The emphasis at camp is on learning tunes the traditional wayby
ear. So campers are encouraged to listen to the tunes on line
and, if they wish, to download them into a computer or portable
music player, to learn the tunes that way, using the sheet music
only as an aid, if necessary. This is to warm you up for camp
and, as it says above, and to make sure there are some tunes we
will know in common for jam sessions if we want. In general, the
tunes you learn in classes at camp will be additional tunes, not
part of the Web site collection.
Campers
are grouped by the ability they indicate on their registration
form into classes, each named for a bird. Each group has
a home "nest" and during June weekend camp different
instructors rotate through the nests..
At the June and August week camps, each class has a primary teacher
that they meet with for one workshop each day plus a review period
in the afternoon, while different instructors rotate through the
nests during second period of the morning. At both camps there
is time in the schedule for specialty
workshops that campers may choose independently.
Maine
Fiddle Camp is an outdoor Maine summer camp experience. Campers
stay in basic rustic cabins without electricity or in their own
tents. Youths stay in cabins but may stay in tents with their
families if they wish. We have shared mens and womens
hot water showers and toilets and handy porta-potties. Eating
is outdoors under a tent, and classes are mostly outdoors under
canopies. Summer days in Maine can be hot or cool, and nights
might be hot but are more generally cool or sometimes even cold.

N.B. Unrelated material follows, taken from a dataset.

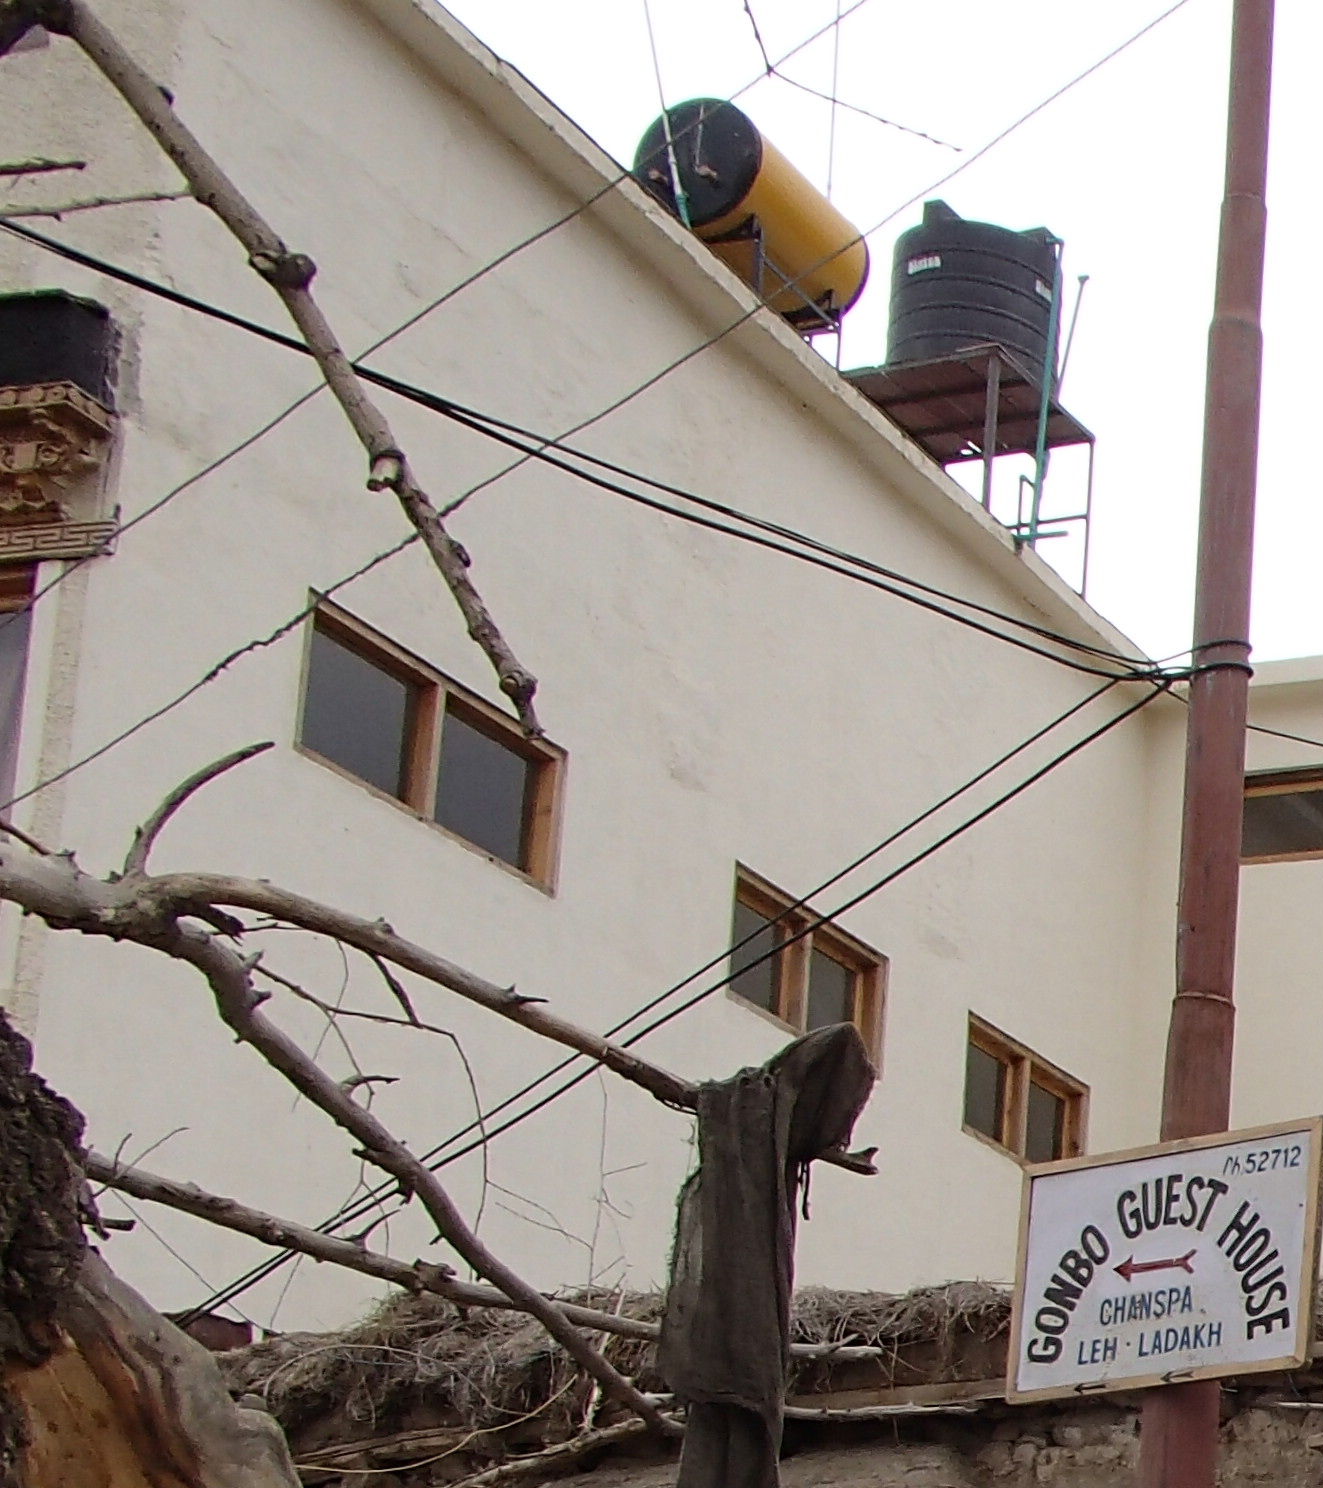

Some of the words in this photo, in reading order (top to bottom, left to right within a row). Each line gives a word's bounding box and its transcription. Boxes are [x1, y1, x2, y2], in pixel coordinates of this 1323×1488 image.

Come prepared or anything. And
yes - there are mosquitos. But there are loons, too, and when
we're lucky they make their own beautiful music at night.
Good
music and good food are elegantly combined at camp, with meals
and snacks planned and prepared by Second Breakfast
and a cadre of volunteers who take time out from music to help
in the kitchen. Fiddle Camp is like that - many things happen
because someone pitches in and helps out, does it or makes it
happen.
Afternoons
also have time for non-musical fun, including swimming with lifeguards
in True's pond. In 2007, when a breach in the dam lowered the
water level, swimmers rode a bus to nearby Lake Saint George State
Park. But it all comes back to music, so in the evenings, there
are concerts, dances, coffeehouses and variety shows by both staff
and campers, all under the big tent, as well as jams for various
levels and sometimes other activities in the dining hall.